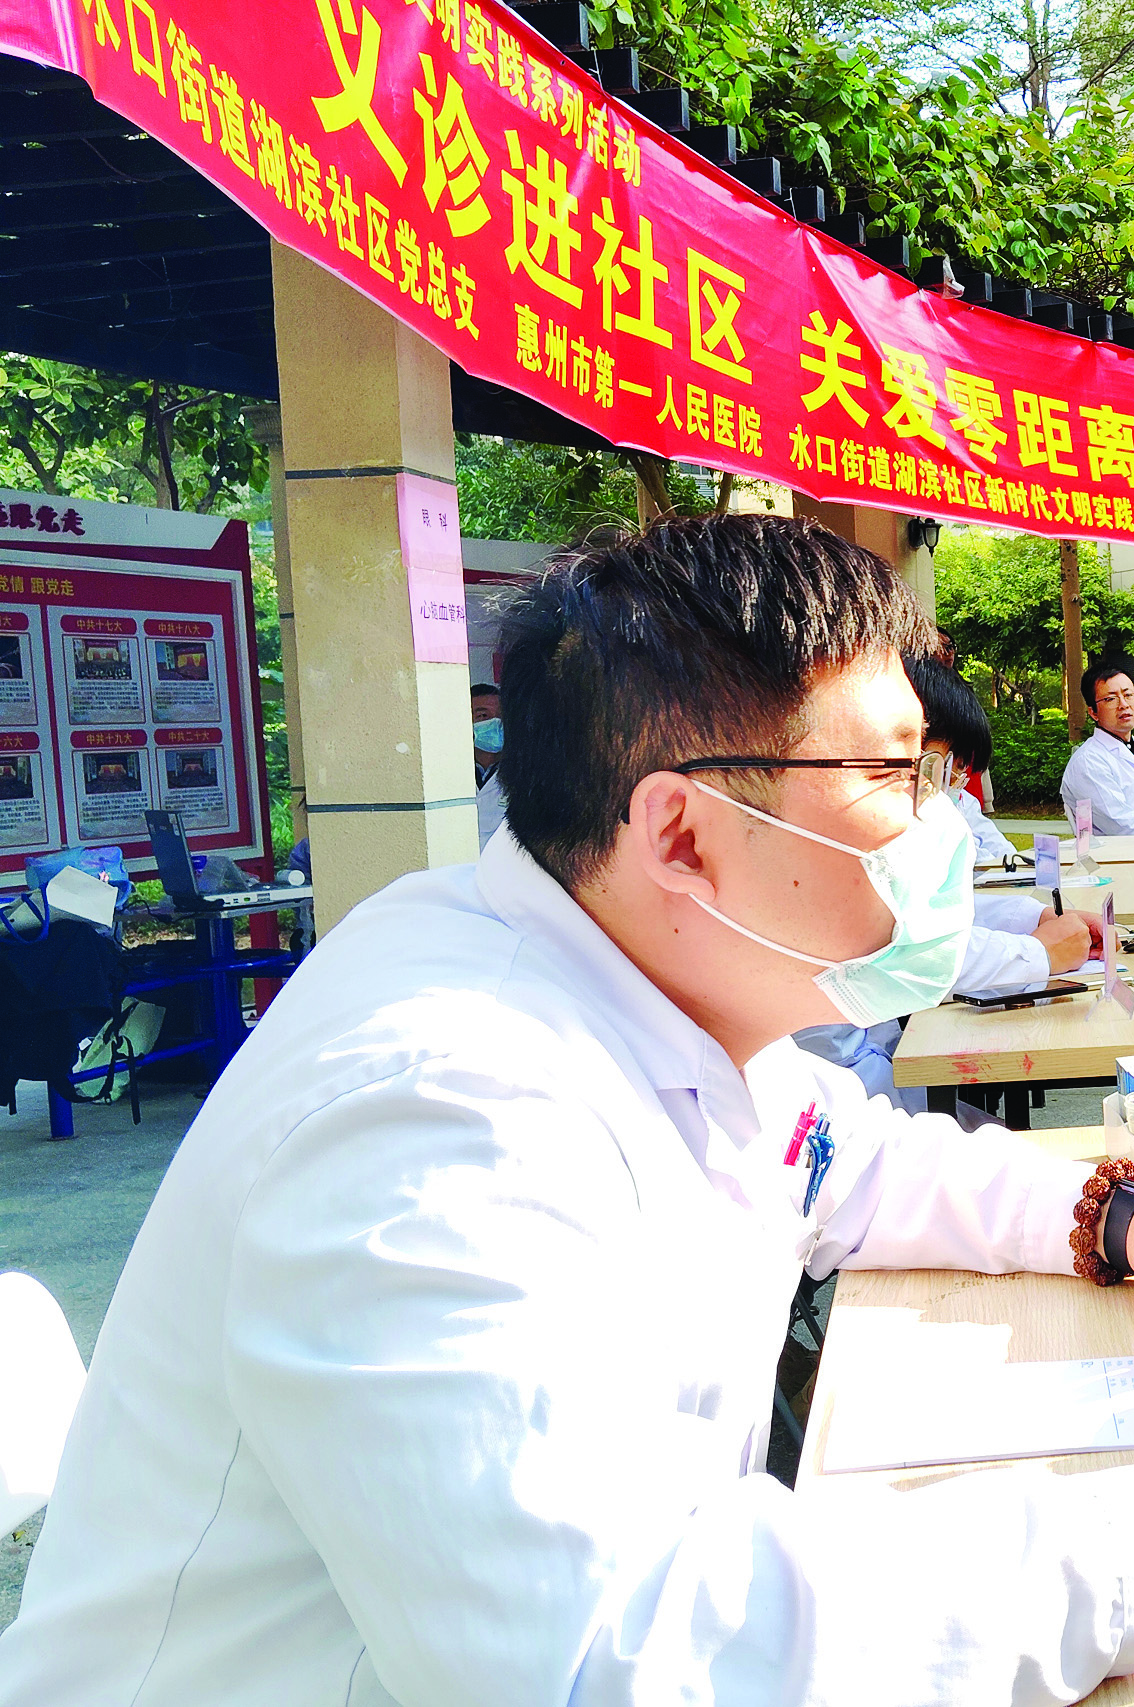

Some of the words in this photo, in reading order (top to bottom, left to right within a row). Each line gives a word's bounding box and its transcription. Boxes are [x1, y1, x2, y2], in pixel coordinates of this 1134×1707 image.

[514, 303, 763, 458] 惠州市第一人民医院
[31, 577, 75, 597] 跟党走
[76, 619, 123, 632] 中共十七大
[158, 622, 200, 635] 中共十八大
[86, 733, 133, 745] 中共十九大
[168, 731, 211, 742] 中共二十大

* [WHAT IS EXPECTED]:
Take each line from the records and copy it unchanged, leaving images out.

* [SOLUTION FOR THIS PROBLEM]:
Some of the words in this photo, in reading order (top to bottom, left to right within a row). Each line gives a word's bounding box and its transcription. Boxes are [x1, y1, x2, y2], in pixel coordinates of this 1134×1707 image.

[514, 303, 763, 458] 惠州市第一人民医院
[31, 577, 75, 597] 跟党走
[76, 619, 123, 632] 中共十七大
[158, 622, 200, 635] 中共十八大
[86, 733, 133, 745] 中共十九大
[168, 731, 211, 742] 中共二十大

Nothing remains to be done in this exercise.